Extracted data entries
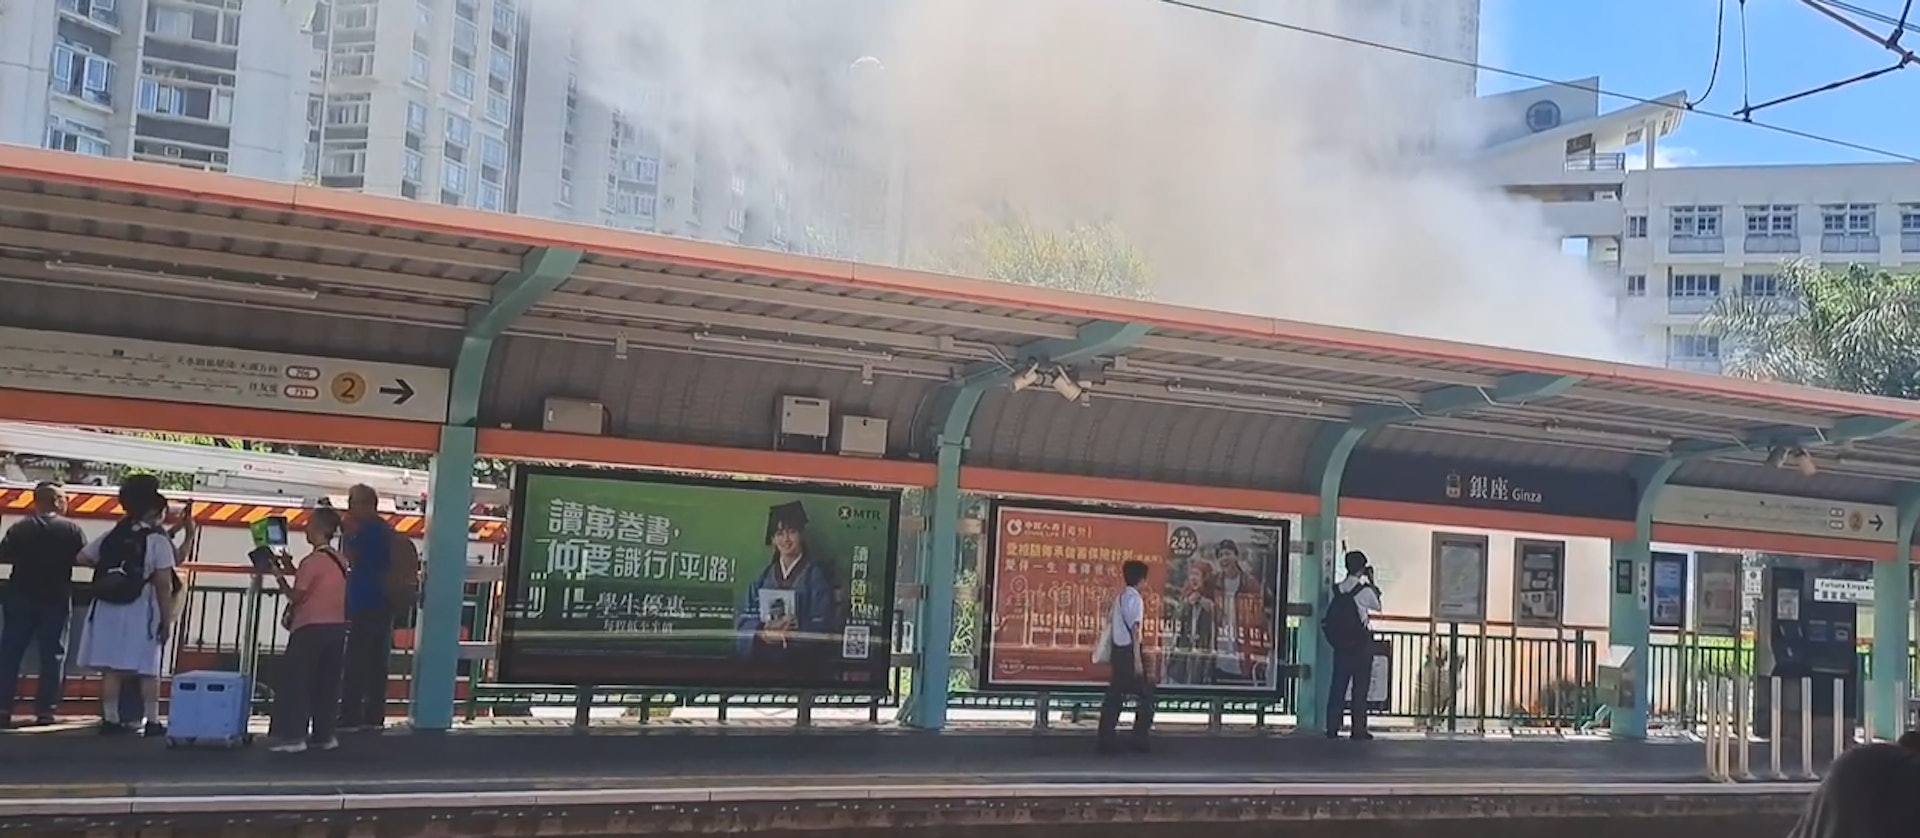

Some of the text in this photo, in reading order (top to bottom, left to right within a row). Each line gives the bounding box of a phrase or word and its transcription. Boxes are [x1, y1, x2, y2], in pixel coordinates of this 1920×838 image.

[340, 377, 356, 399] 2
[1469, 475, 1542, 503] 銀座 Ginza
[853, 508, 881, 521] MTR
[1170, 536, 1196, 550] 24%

◆ **Your objective**: Your job is to repeat the data exactly, leaving each picture out.

◆ **Output below**:
Some of the text in this photo, in reading order (top to bottom, left to right within a row). Each line gives the bounding box of a phrase or word and its transcription. Boxes are [x1, y1, x2, y2], in pixel coordinates of this 1920×838 image.

[340, 377, 356, 399] 2
[1469, 475, 1542, 503] 銀座 Ginza
[853, 508, 881, 521] MTR
[1170, 536, 1196, 550] 24%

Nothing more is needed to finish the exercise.